● WORK TO BE COMPLETED:
Produce a verbatim copy of the following records, leaving out all pictures.

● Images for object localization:
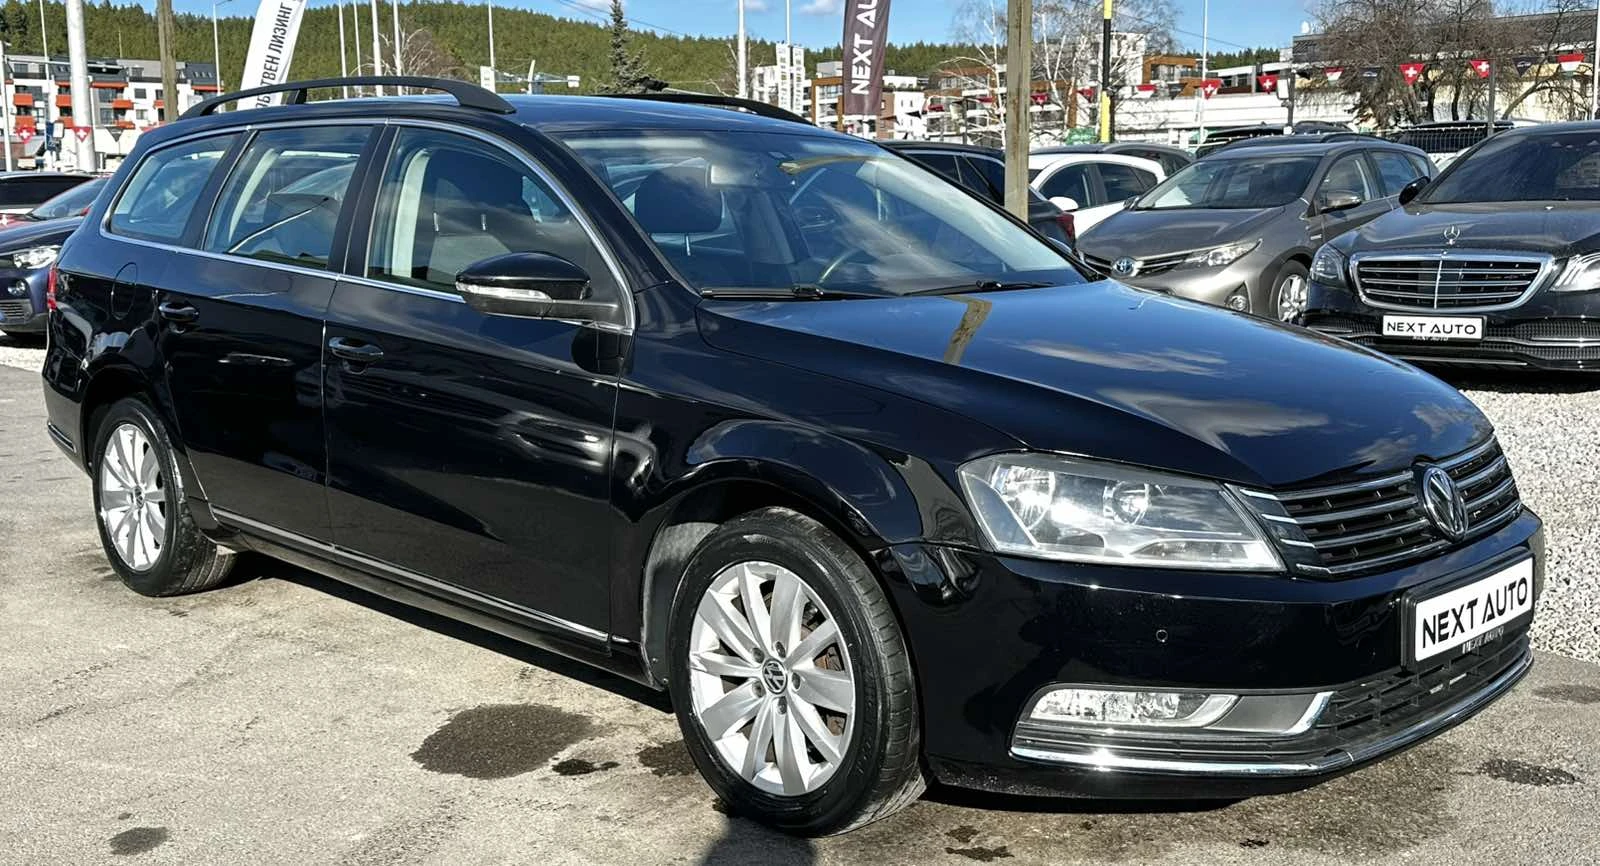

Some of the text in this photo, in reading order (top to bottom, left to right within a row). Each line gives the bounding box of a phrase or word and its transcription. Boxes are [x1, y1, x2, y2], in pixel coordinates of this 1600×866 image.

[268, 2, 293, 55] ЛИЗИНГ
[851, 33, 873, 95] NEXT
[1387, 322, 1477, 335] NEXT AUTO
[1422, 576, 1528, 649] NEXT AUTO
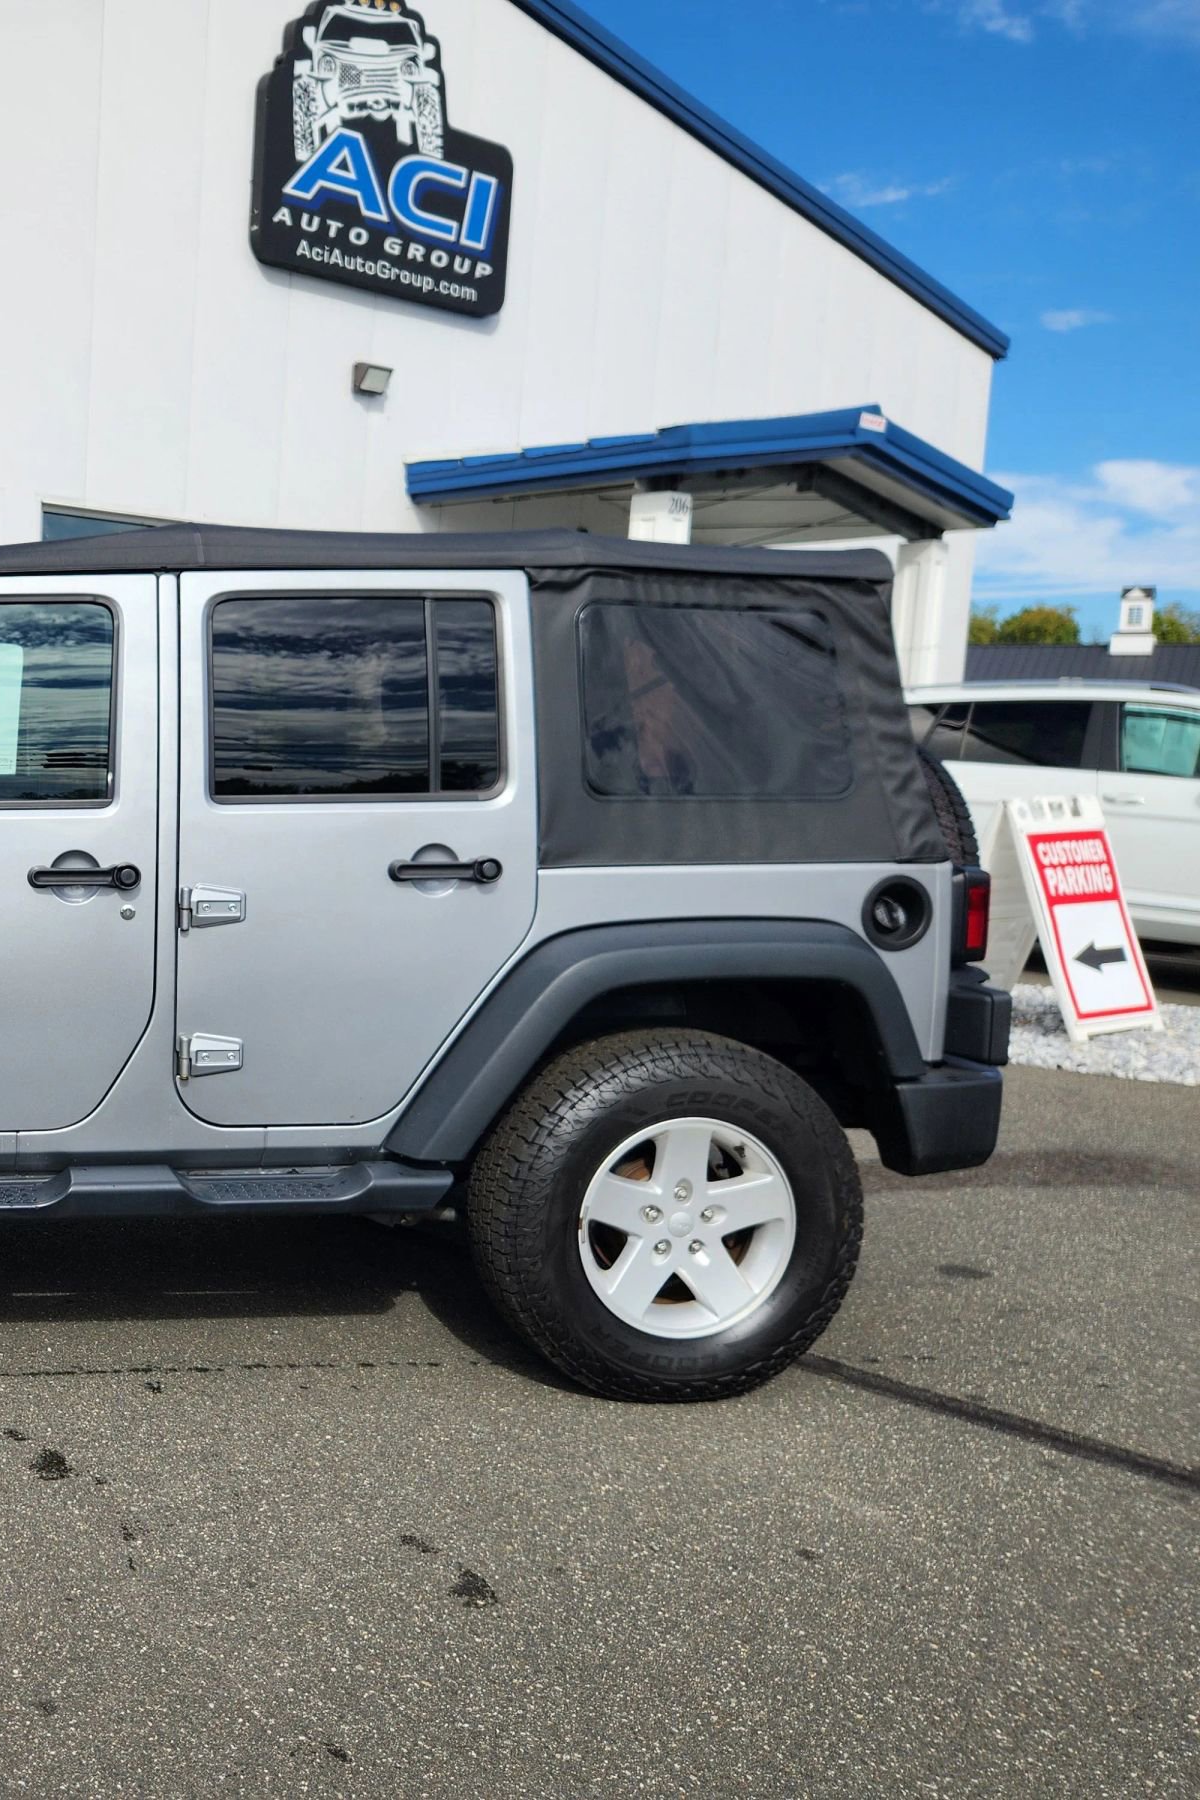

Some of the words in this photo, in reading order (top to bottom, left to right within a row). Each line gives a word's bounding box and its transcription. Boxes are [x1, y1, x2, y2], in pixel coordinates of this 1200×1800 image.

[281, 126, 500, 252] ACI
[272, 206, 370, 246] AUTO
[382, 235, 494, 279] GROUP
[295, 239, 479, 302] AciAutoGroup.com
[1036, 838, 1106, 866] CUSTOMER
[1046, 863, 1114, 897] PARKING
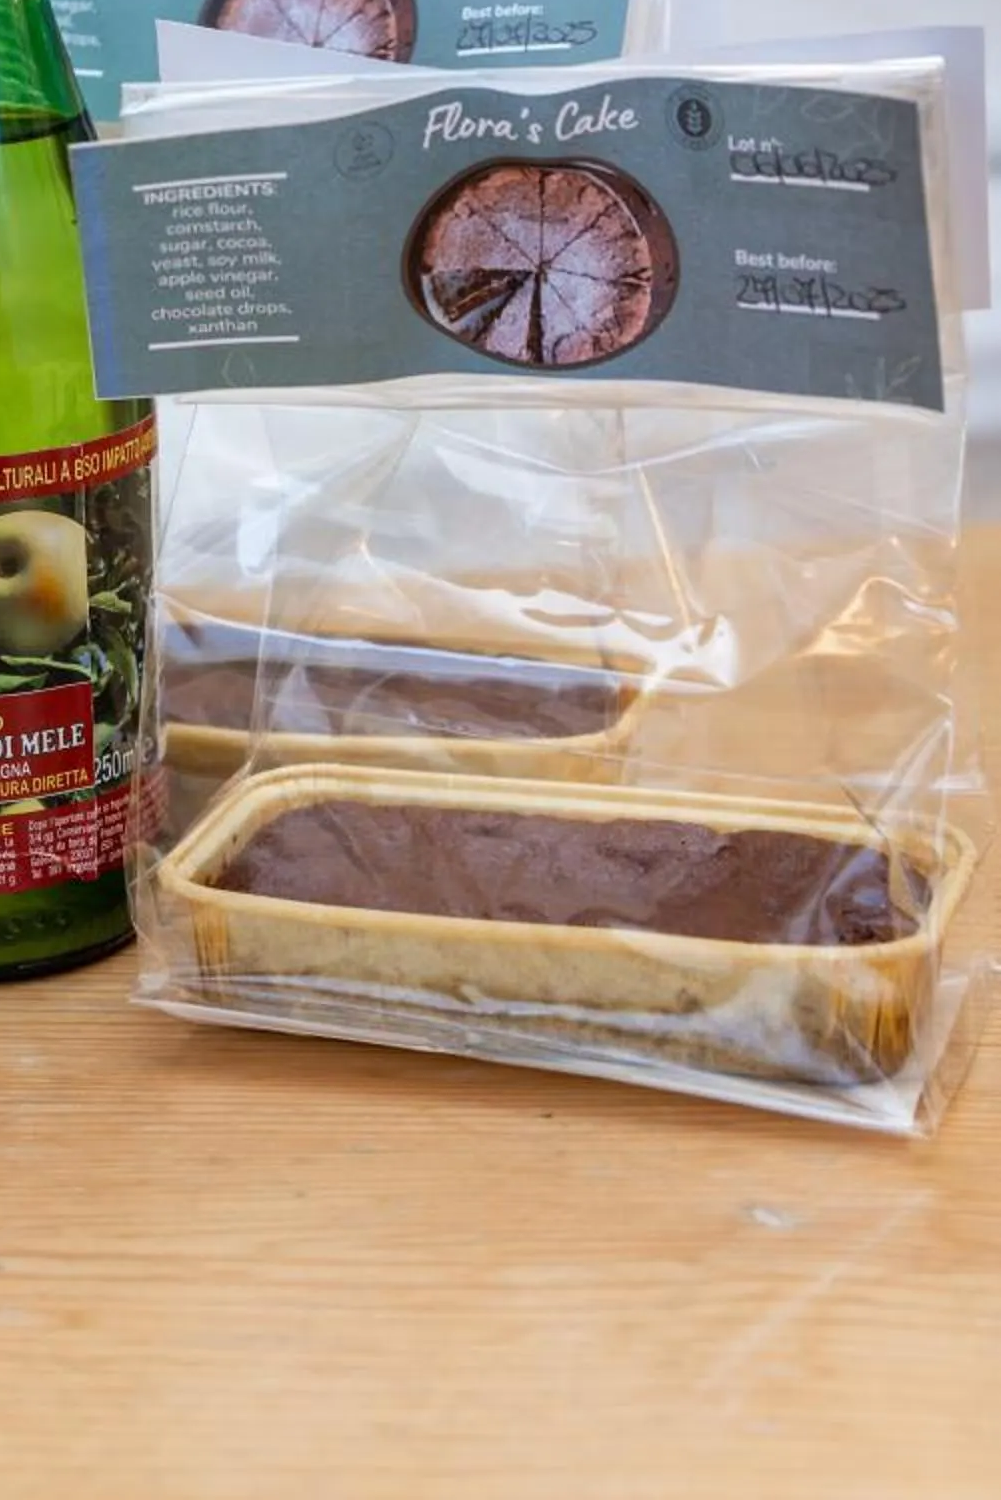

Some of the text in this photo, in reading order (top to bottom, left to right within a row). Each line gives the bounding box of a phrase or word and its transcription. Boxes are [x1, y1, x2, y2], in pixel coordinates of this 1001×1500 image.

● REPLY:
Some of the text in this photo, in reading order (top to bottom, left to right within a row). Each line gives the bounding box of a phrase or word and its transcription. Boxes are [x1, y1, x2, y2], in pixel coordinates of this 1600×866 image.

[268, 2, 293, 55] ЛИЗИНГ
[851, 33, 873, 95] NEXT
[1387, 322, 1477, 335] NEXT AUTO
[1422, 576, 1528, 649] NEXT AUTO

Some of the words in this photo, in reading order (top to bottom, left to right within a row). Each line gives a word's bounding box and its transcription. Boxes are [x1, y1, x2, y2], in pixel coordinates of this 1200×1800 image.

[281, 126, 500, 252] ACI
[272, 206, 370, 246] AUTO
[382, 235, 494, 279] GROUP
[295, 239, 479, 302] AciAutoGroup.com
[1036, 838, 1106, 866] CUSTOMER
[1046, 863, 1114, 897] PARKING

Some of the text in this photo, in reading order (top to bottom, left to right within a row). Each line gives the bounding box of a phrase or word and its transcription. Boxes are [x1, y1, x2, y2], in pixel coordinates of this 1001×1500 image.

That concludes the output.